The Australian government acknowledges and understands that cyber risk exposures can and will have significant implications on Australia’s national security and sovereignty. In Australia the Australian Energy Market Operator (AEMO) has leveled the increasing threat of cyber-attacks on its power grid system. Maintaining a secured cyber infrastructure is of paramount importance to assure efficient, reliable and secured power system operations. Any unwanted intrusion of cyber infrastructure in a power system can significantly interrupt its function and operations.
Assessment of cyber-security risks are essential in understanding and quantifying cyber vulnerabilities in power systems, which enables the deployment of required security measures to safeguard power system operations.
There is no generic framework available for assessing cyber security risks of power grids. In order to address the issue and this market gap, this project develops a generic framework that can be applied to assess cyber security power grid risks and their exposures in different operating environments and entities.
The proposed framework is developed by considering the potential generation/load curtailments as a result of possible cyber-attacks on the power grid information and communication technology (ICT) infrastructure.
Just some of the key benefits of the proposed risk assessment framework;
- The framework can be easily adopted by power grid operators to asses cybersecurity risk of their ICT assets;
- transmission network operators
- distribution network operations
- microgrid operators
- energy market operators
- The framework quantifies the cybersecurity risk in terms of possible loss of generation due to cyber intrusion which can be translated into a monetary loss.

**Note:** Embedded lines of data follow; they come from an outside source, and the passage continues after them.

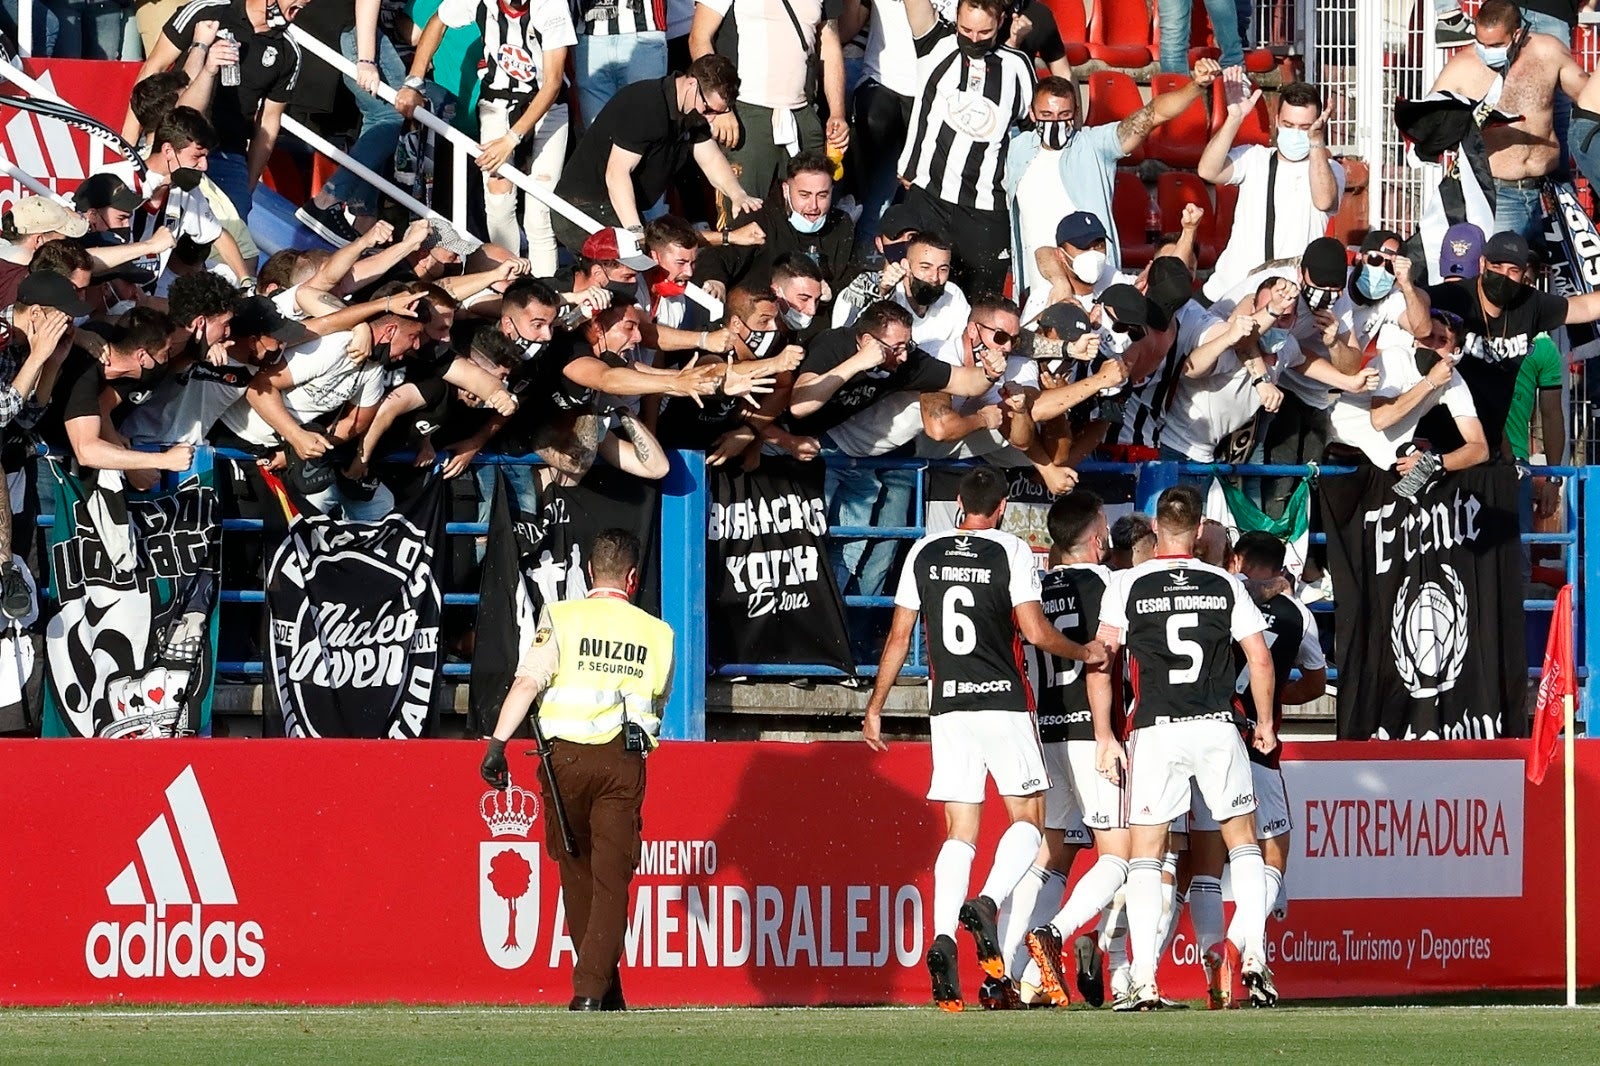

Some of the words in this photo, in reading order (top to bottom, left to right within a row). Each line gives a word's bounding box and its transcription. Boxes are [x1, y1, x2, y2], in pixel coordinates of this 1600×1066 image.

[1364, 487, 1481, 575] Frente
[726, 545, 818, 593] YOUTH
[929, 565, 940, 580] S.
[942, 566, 992, 584] MAESTRE
[942, 585, 977, 656] 6
[1136, 598, 1171, 614] CESAR
[1174, 596, 1228, 611] MORGADO
[579, 637, 648, 665] AVIZOR
[589, 661, 644, 679] SEGURIDAD
[1166, 613, 1204, 685] 5
[1305, 798, 1509, 858] EXTREMADURA
[635, 841, 717, 875] MIENTO
[85, 903, 266, 978] adidas
[549, 884, 924, 968] AMENDRALEJO
[1281, 931, 1341, 966] Cultura,
[1342, 930, 1401, 961] Turismo
[1407, 938, 1416, 969] y
[1421, 928, 1491, 969] Deportes

- The framework can provide grid operators a means to rank the cyber vulnerabilities allowing the power grid operators to better understand the required defence mechanisms for their cyber vulnerabilities.

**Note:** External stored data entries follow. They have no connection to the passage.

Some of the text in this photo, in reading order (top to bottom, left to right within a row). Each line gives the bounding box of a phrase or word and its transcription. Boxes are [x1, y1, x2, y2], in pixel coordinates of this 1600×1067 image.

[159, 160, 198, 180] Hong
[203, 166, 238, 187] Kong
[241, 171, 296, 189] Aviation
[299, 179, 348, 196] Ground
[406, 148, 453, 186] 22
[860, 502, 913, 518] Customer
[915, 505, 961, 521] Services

If you would like more information on this project, Enamul is the project lead and can be contacted on email.
The Proof of Concept Project Team have developed a risk assessment framework in the MATLAB platform that can quantify cybersecurity risk of a power grid, if the related information like the cyber infrastructure, generation, demand and network topology are provided. The project was entirely focused for power grid however the risk assessment framework is applicable to water distribution companies also.
There has been a small scale prototype microgrid developed at Deakin University laboratory to study cyber-attack vulnerabilities, impacts and associated risks.

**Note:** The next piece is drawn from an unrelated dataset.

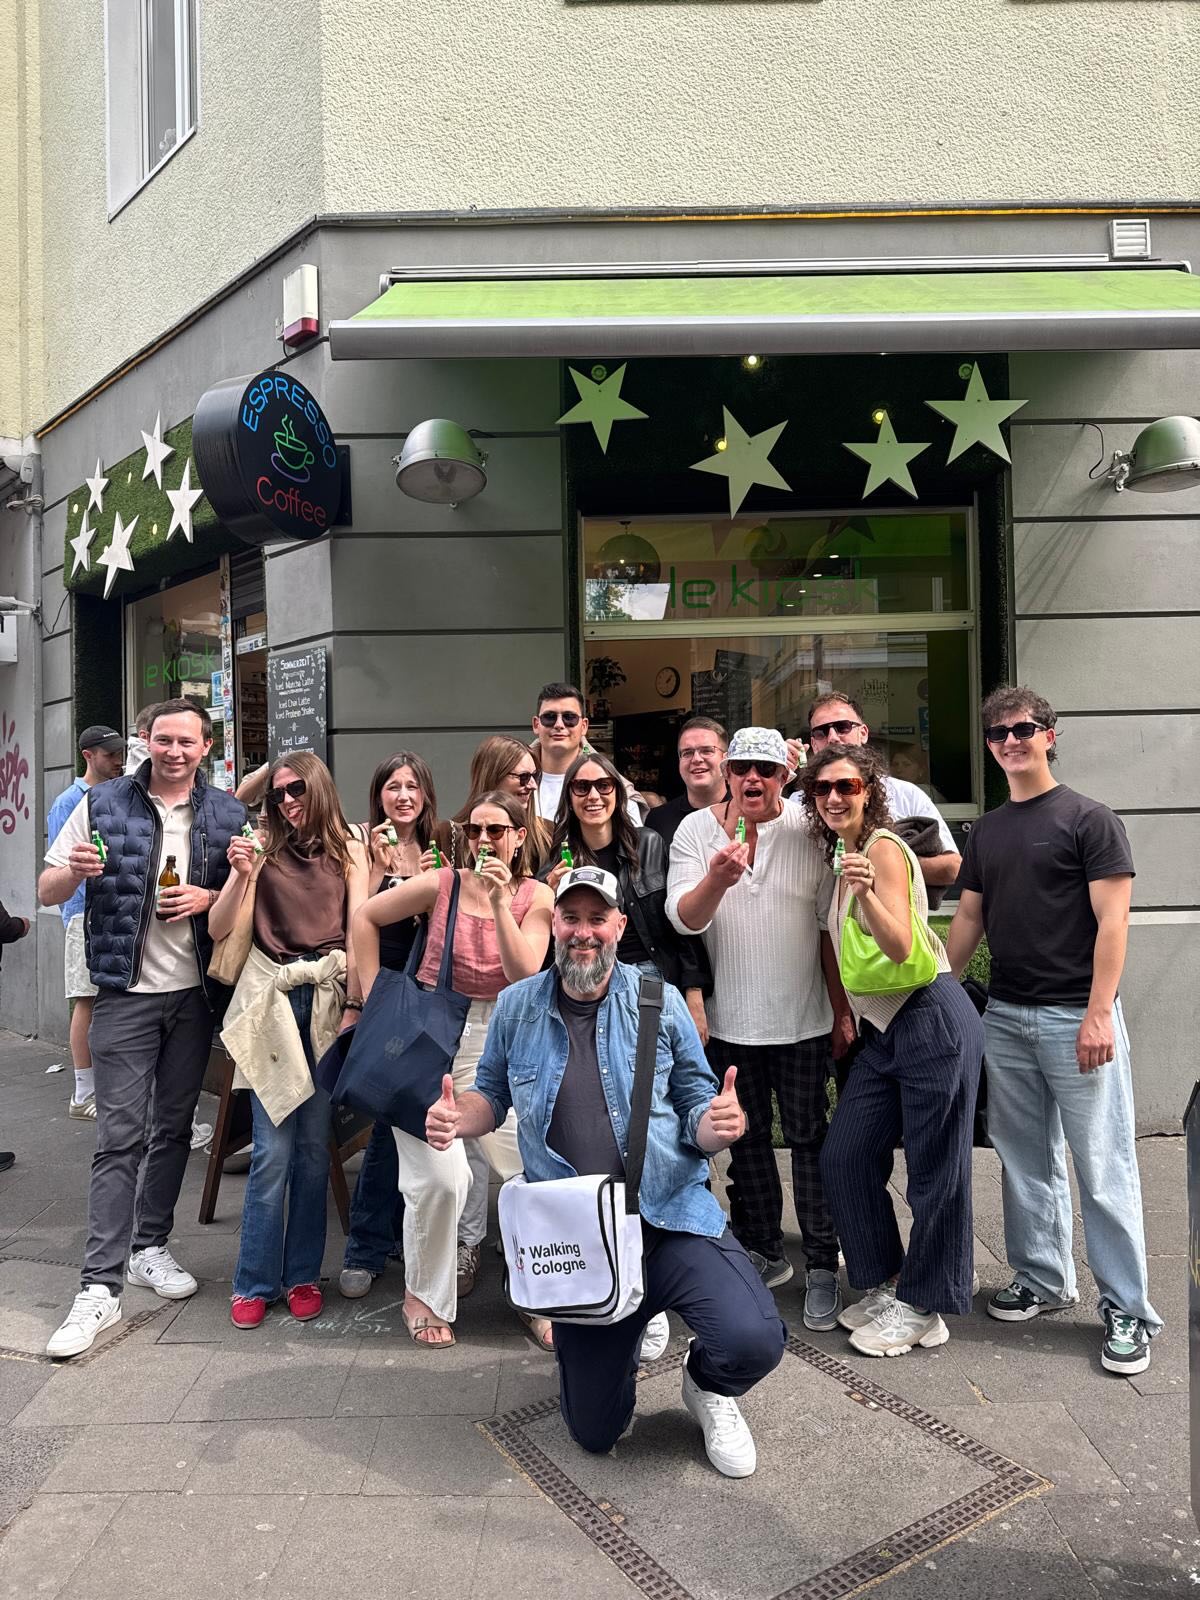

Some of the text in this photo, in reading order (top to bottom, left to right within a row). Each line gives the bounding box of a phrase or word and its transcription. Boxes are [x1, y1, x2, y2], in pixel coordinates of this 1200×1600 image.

Several articles are under preparation and will be submitted soon for review in reputed journals. Titles of the under-preparation articles are listed below:
- Project Report – “A Real-Time Testbed for Cyber Security Risk Assessment and Mitigation to Ensure the Resiliency of Microgrids”, 2019
- Journal paper – “An Assessment Framework to Evaluate Cyber Security Risks in Power Systems” Under Preparation
- Journal paper – “A Comprehensive Review of Cyber Physical Power Grid: Threats, Vulnerabilities and Mitigation Regimes” Under Preparation.